- **Record excerpts**:
===

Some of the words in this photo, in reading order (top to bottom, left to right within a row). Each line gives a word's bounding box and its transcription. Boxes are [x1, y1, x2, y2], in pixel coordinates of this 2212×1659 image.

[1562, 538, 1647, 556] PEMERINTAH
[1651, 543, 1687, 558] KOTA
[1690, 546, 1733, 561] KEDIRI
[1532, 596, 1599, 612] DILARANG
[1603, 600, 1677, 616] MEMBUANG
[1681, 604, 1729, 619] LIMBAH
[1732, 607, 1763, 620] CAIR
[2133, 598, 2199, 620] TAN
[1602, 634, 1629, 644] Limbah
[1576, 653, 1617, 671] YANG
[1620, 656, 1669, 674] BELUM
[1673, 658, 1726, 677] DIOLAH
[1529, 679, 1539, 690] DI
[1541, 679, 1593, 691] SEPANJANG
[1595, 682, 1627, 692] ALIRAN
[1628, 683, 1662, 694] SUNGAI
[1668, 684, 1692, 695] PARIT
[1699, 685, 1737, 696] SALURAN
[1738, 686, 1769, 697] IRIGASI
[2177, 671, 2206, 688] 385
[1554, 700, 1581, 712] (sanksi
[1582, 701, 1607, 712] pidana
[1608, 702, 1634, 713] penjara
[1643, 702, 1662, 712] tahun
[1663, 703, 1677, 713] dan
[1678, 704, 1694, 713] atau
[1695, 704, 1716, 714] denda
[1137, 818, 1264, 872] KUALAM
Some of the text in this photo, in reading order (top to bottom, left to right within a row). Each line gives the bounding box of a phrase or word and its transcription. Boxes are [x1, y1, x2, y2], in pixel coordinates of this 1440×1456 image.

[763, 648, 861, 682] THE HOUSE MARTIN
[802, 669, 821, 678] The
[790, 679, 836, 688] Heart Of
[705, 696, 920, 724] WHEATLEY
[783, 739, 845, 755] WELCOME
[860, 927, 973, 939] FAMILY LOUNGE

===

- **Exercise**: Repeat only the lines starting at the one that contains "Some of the text" and ending at the last line above, exactly as written.

- **Response to this task**:
Some of the text in this photo, in reading order (top to bottom, left to right within a row). Each line gives the bounding box of a phrase or word and its transcription. Boxes are [x1, y1, x2, y2], in pixel coordinates of this 1440×1456 image.

[763, 648, 861, 682] THE HOUSE MARTIN
[802, 669, 821, 678] The
[790, 679, 836, 688] Heart Of
[705, 696, 920, 724] WHEATLEY
[783, 739, 845, 755] WELCOME
[860, 927, 973, 939] FAMILY LOUNGE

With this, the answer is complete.